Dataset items
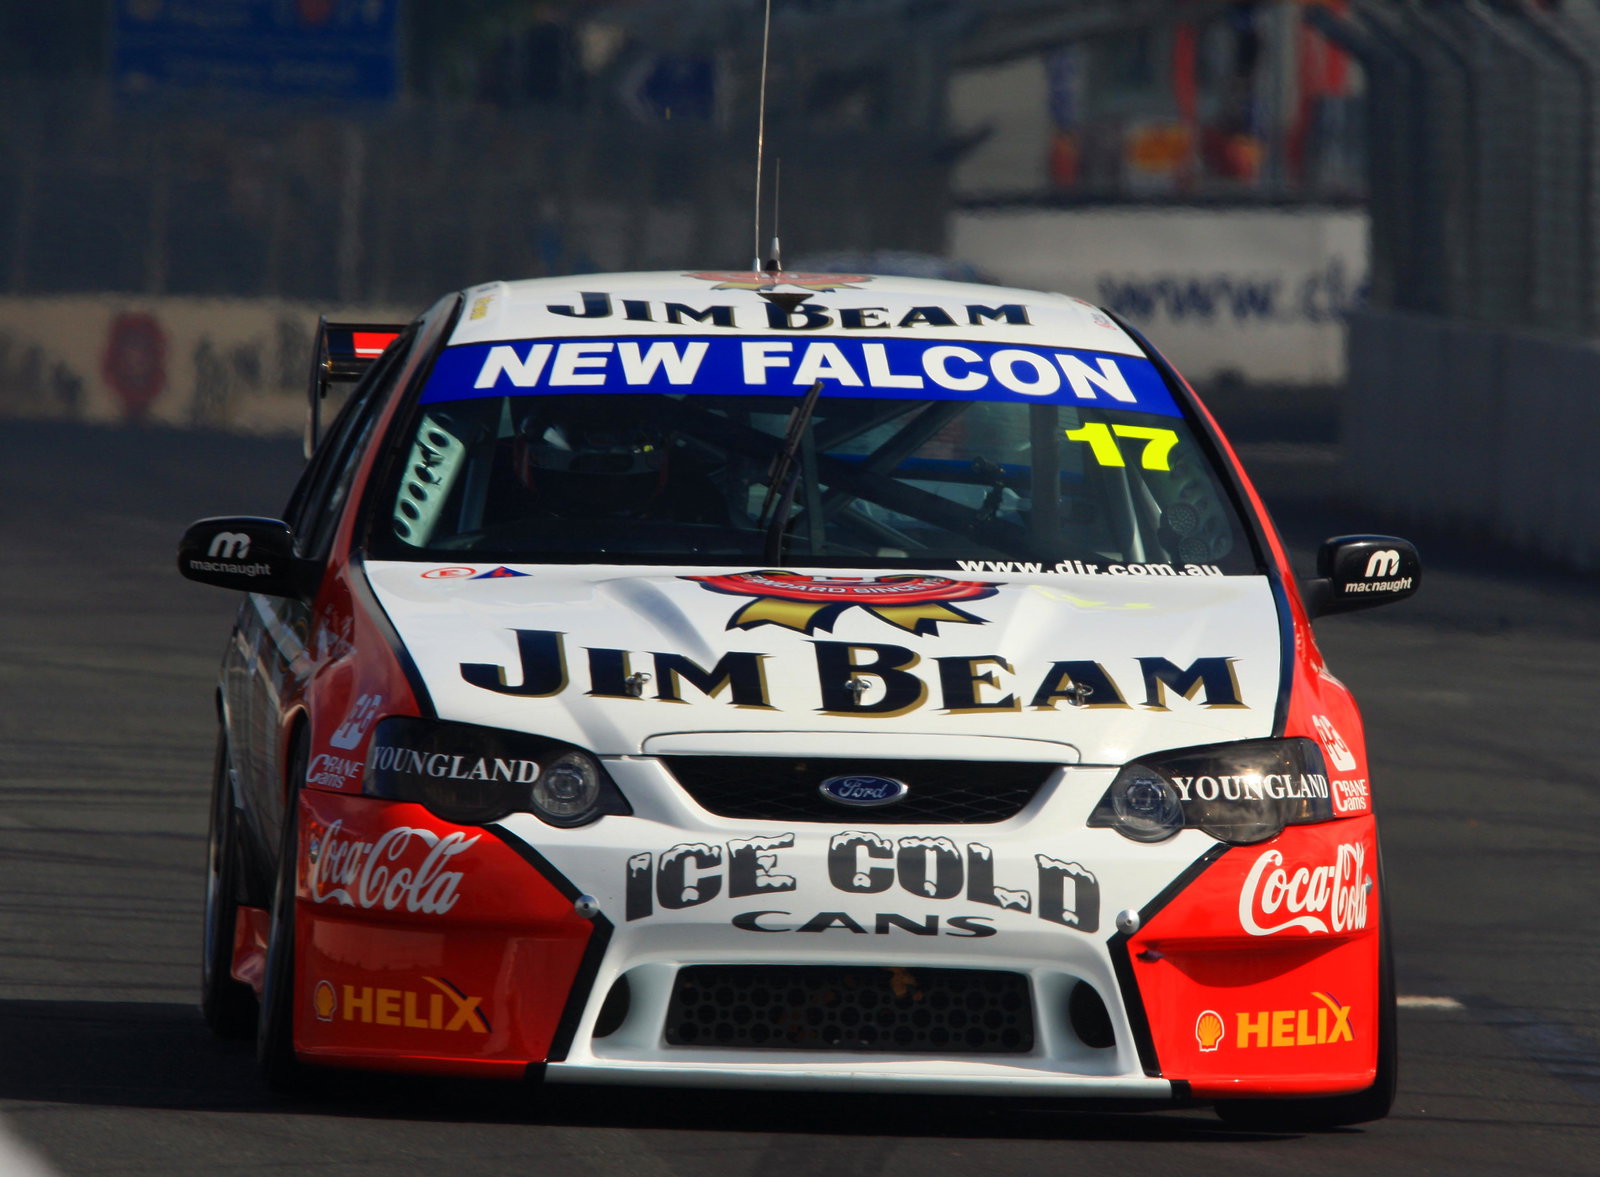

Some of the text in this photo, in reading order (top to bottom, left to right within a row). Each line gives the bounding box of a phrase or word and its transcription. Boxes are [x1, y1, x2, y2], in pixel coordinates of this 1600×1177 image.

[545, 291, 741, 328] JIM
[762, 301, 1034, 330] BEAM
[473, 341, 1138, 403] NEW FALCON
[1065, 421, 1179, 472] 17
[189, 560, 272, 577] macnaught
[1345, 577, 1412, 592] macnaught
[459, 628, 784, 712] JIM
[803, 638, 1251, 718] BEAM
[306, 754, 364, 780] CRANE
[370, 745, 541, 784] YOUNGLAND
[838, 779, 889, 798] Ford
[1172, 773, 1329, 801] YOUNGLAND
[1332, 779, 1368, 804] CRANE
[311, 819, 482, 915] Coca-Cola
[626, 830, 1100, 934] ICE COLD
[1238, 841, 1368, 937] Coca-Cola
[731, 910, 998, 938] CANS
[342, 975, 491, 1034] HELIX
[1236, 991, 1355, 1049] HELIX
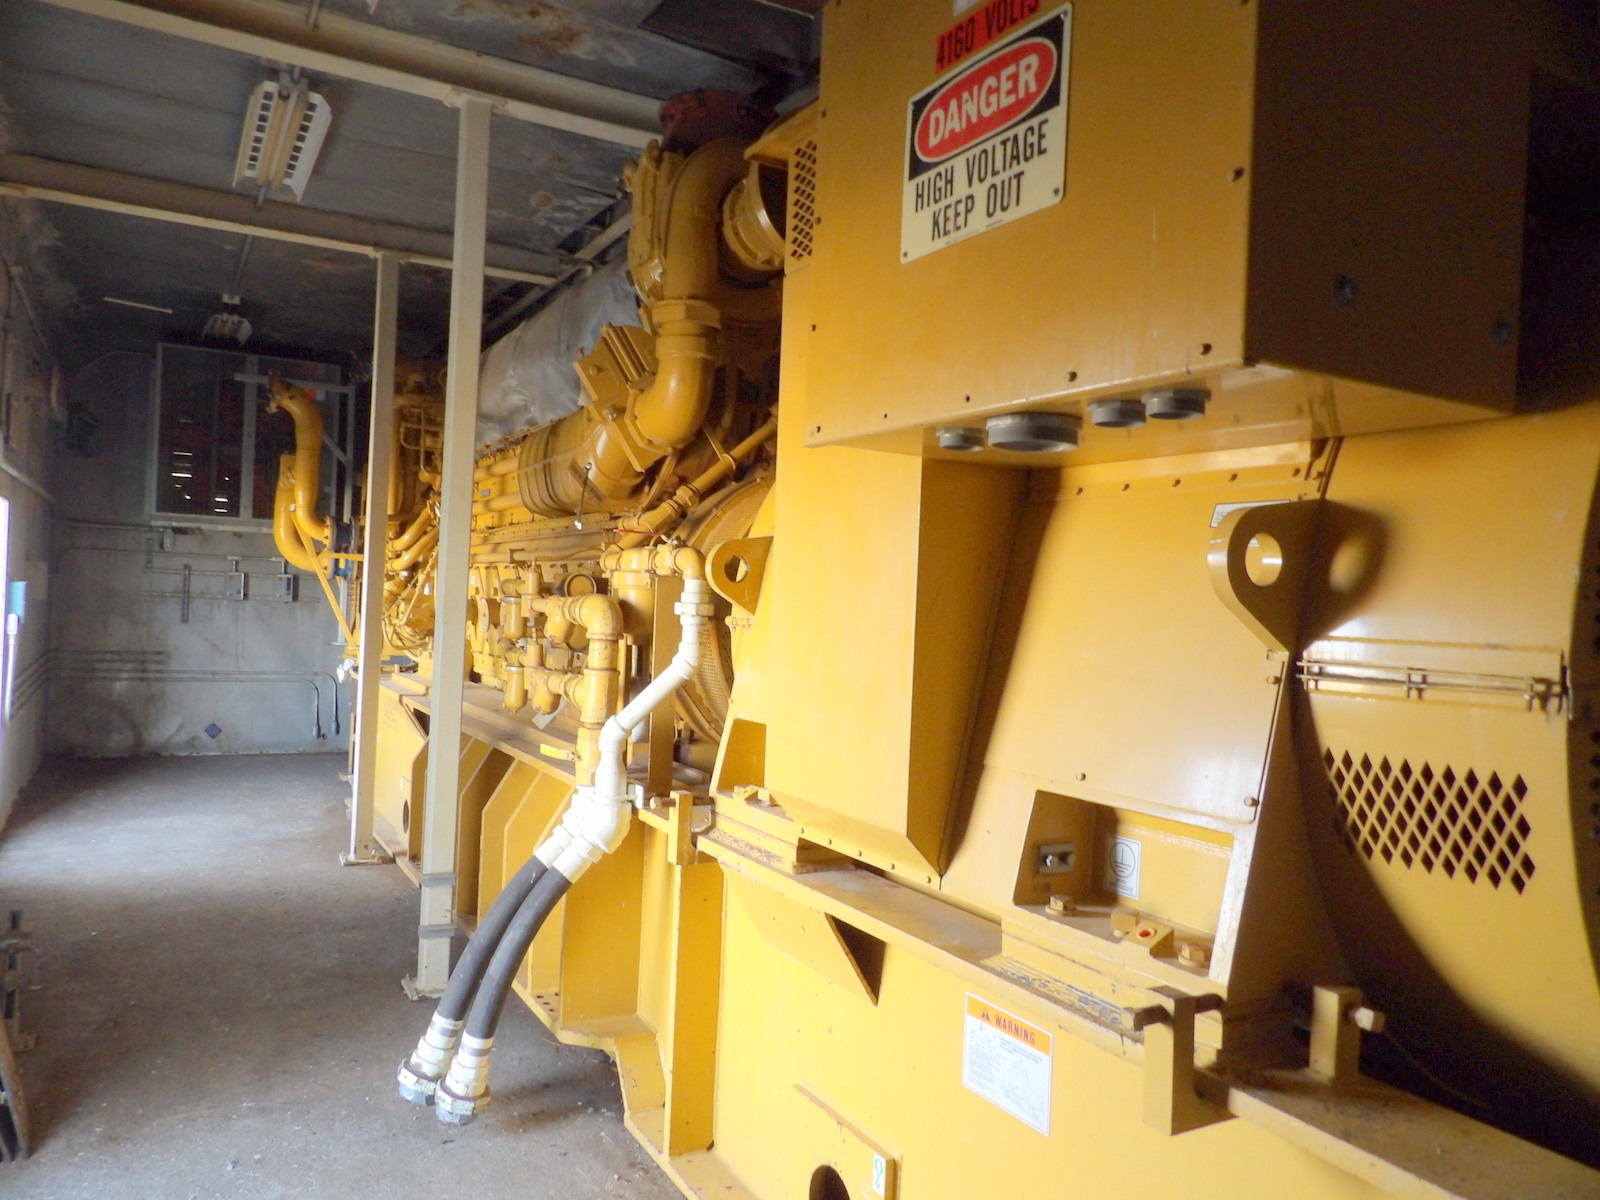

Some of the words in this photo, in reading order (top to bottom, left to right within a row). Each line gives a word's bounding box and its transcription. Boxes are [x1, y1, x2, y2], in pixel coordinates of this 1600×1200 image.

[936, 17, 975, 68] 4160
[929, 54, 1039, 148] DANGER
[915, 165, 954, 213] HIGH
[966, 118, 1048, 188] VOLTAGE
[931, 194, 975, 242] KEEP
[986, 171, 1025, 219] OUT
[995, 1014, 1035, 1045] WARNING
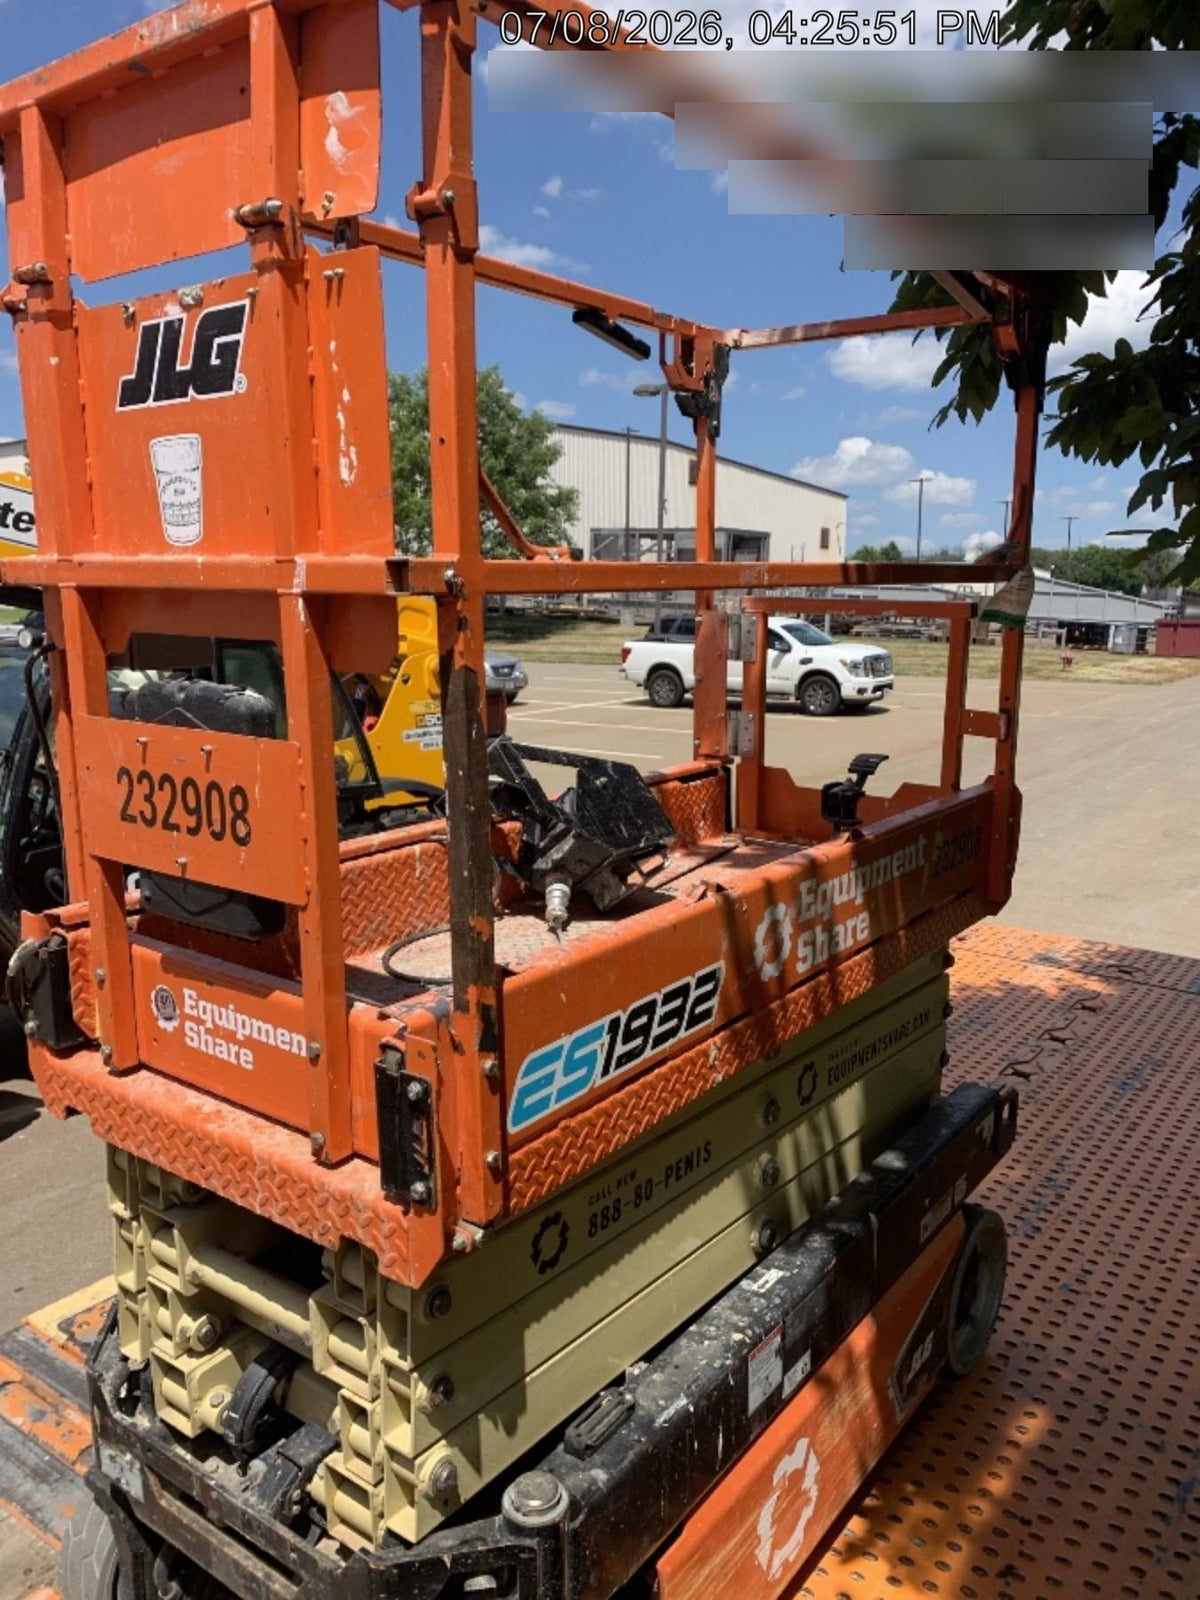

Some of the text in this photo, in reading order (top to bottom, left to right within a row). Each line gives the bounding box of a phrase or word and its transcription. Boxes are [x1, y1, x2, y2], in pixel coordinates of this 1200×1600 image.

[116, 299, 250, 412] JLG
[116, 766, 251, 847] 232908
[797, 832, 927, 923] Equipment
[796, 911, 870, 974] Share
[184, 1020, 254, 1070] Share
[507, 960, 726, 1134] ES1932

• EXERCISE PROMPT:
Take the line with "Some of the words" as the first line and the last line of the records above as the final one; reproduce exactly the lines between them, both included, without pictures.

• RESPONSE:
Some of the words in this photo, in reading order (top to bottom, left to right within a row). Each line gives a word's bounding box and its transcription. Boxes are [x1, y1, x2, y2], in pixel coordinates of this 1600×1200 image.

[936, 17, 975, 68] 4160
[929, 54, 1039, 148] DANGER
[915, 165, 954, 213] HIGH
[966, 118, 1048, 188] VOLTAGE
[931, 194, 975, 242] KEEP
[986, 171, 1025, 219] OUT
[995, 1014, 1035, 1045] WARNING

Some of the text in this photo, in reading order (top to bottom, left to right within a row). Each line gives the bounding box of a phrase or word and its transcription. Boxes are [x1, y1, x2, y2], in pixel coordinates of this 1200×1600 image.

[116, 299, 250, 412] JLG
[116, 766, 251, 847] 232908
[797, 832, 927, 923] Equipment
[796, 911, 870, 974] Share
[184, 1020, 254, 1070] Share
[507, 960, 726, 1134] ES1932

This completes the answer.